━━ Exercise inputs
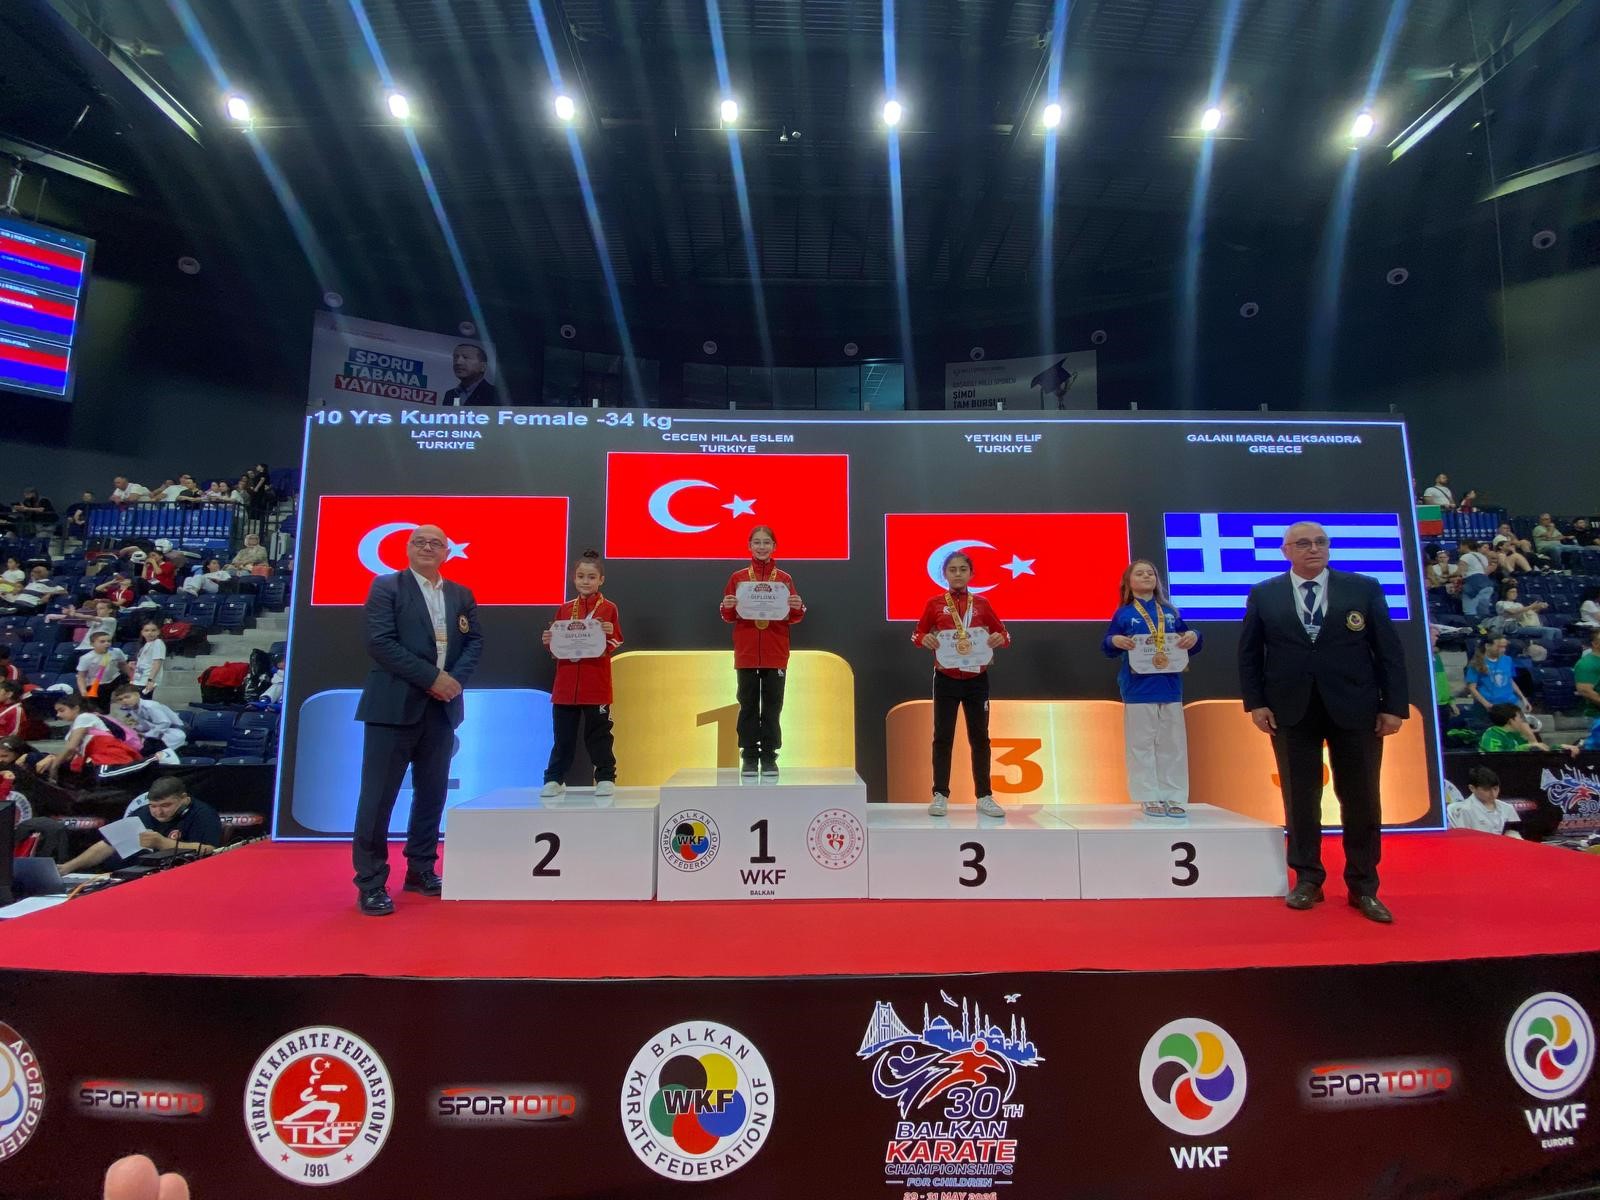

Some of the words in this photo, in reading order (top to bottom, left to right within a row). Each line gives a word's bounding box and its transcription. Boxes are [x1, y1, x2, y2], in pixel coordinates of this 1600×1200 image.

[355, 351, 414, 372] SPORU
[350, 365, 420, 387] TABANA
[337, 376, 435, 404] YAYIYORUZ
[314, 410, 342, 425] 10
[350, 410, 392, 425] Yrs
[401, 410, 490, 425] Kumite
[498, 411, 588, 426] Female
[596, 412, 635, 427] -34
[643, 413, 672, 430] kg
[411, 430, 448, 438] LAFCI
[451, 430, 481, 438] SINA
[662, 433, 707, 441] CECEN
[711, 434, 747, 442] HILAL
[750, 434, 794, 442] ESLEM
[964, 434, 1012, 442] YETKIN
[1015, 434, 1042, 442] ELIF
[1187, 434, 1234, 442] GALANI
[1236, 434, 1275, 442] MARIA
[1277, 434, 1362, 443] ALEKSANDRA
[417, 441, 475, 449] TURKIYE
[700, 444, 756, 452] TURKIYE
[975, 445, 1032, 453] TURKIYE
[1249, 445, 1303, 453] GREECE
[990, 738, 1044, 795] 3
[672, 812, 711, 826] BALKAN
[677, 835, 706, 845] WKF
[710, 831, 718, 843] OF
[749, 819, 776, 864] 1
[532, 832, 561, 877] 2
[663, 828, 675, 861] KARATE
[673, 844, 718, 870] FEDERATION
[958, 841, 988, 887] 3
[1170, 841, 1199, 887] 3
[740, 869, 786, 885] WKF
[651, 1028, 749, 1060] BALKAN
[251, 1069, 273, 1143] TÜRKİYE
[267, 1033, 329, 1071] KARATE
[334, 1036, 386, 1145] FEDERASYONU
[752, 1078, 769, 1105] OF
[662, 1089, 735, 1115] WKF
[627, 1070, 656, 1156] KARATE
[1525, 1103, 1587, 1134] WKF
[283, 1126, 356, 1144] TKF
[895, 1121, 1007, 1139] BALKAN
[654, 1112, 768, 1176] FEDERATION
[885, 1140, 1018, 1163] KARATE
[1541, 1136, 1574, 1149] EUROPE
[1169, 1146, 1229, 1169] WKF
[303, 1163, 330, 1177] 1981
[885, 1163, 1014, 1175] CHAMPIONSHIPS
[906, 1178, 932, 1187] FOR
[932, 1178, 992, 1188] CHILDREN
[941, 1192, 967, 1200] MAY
━━━━
▶ [Work to be completed]
Wherever the string "TURKIYE" appears in the records, copy the whole line.

▶ [Solution to this exercise]
[417, 441, 475, 449] TURKIYE
[700, 444, 756, 452] TURKIYE
[975, 445, 1032, 453] TURKIYE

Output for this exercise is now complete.